*WHAT IS EXPECTED*:
Repeat all the data word for word.

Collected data

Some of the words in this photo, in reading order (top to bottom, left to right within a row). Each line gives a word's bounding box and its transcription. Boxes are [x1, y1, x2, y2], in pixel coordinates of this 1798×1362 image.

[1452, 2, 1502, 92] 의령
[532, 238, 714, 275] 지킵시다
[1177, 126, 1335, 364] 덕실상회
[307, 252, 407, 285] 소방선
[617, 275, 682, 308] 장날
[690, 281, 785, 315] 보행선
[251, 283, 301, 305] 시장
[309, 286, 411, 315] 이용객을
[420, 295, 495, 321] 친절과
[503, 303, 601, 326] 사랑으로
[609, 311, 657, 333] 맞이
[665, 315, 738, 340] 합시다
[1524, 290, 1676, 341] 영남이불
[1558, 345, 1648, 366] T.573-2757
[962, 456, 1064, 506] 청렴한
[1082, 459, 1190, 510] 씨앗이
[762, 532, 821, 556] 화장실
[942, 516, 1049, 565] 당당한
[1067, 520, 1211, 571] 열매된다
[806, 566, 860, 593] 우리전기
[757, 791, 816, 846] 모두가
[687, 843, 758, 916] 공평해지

*EXERCISE RESPONSE*:
Some of the words in this photo, in reading order (top to bottom, left to right within a row). Each line gives a word's bounding box and its transcription. Boxes are [x1, y1, x2, y2], in pixel coordinates of this 1798×1362 image.

[1452, 2, 1502, 92] 의령
[532, 238, 714, 275] 지킵시다
[1177, 126, 1335, 364] 덕실상회
[307, 252, 407, 285] 소방선
[617, 275, 682, 308] 장날
[690, 281, 785, 315] 보행선
[251, 283, 301, 305] 시장
[309, 286, 411, 315] 이용객을
[420, 295, 495, 321] 친절과
[503, 303, 601, 326] 사랑으로
[609, 311, 657, 333] 맞이
[665, 315, 738, 340] 합시다
[1524, 290, 1676, 341] 영남이불
[1558, 345, 1648, 366] T.573-2757
[962, 456, 1064, 506] 청렴한
[1082, 459, 1190, 510] 씨앗이
[762, 532, 821, 556] 화장실
[942, 516, 1049, 565] 당당한
[1067, 520, 1211, 571] 열매된다
[806, 566, 860, 593] 우리전기
[757, 791, 816, 846] 모두가
[687, 843, 758, 916] 공평해지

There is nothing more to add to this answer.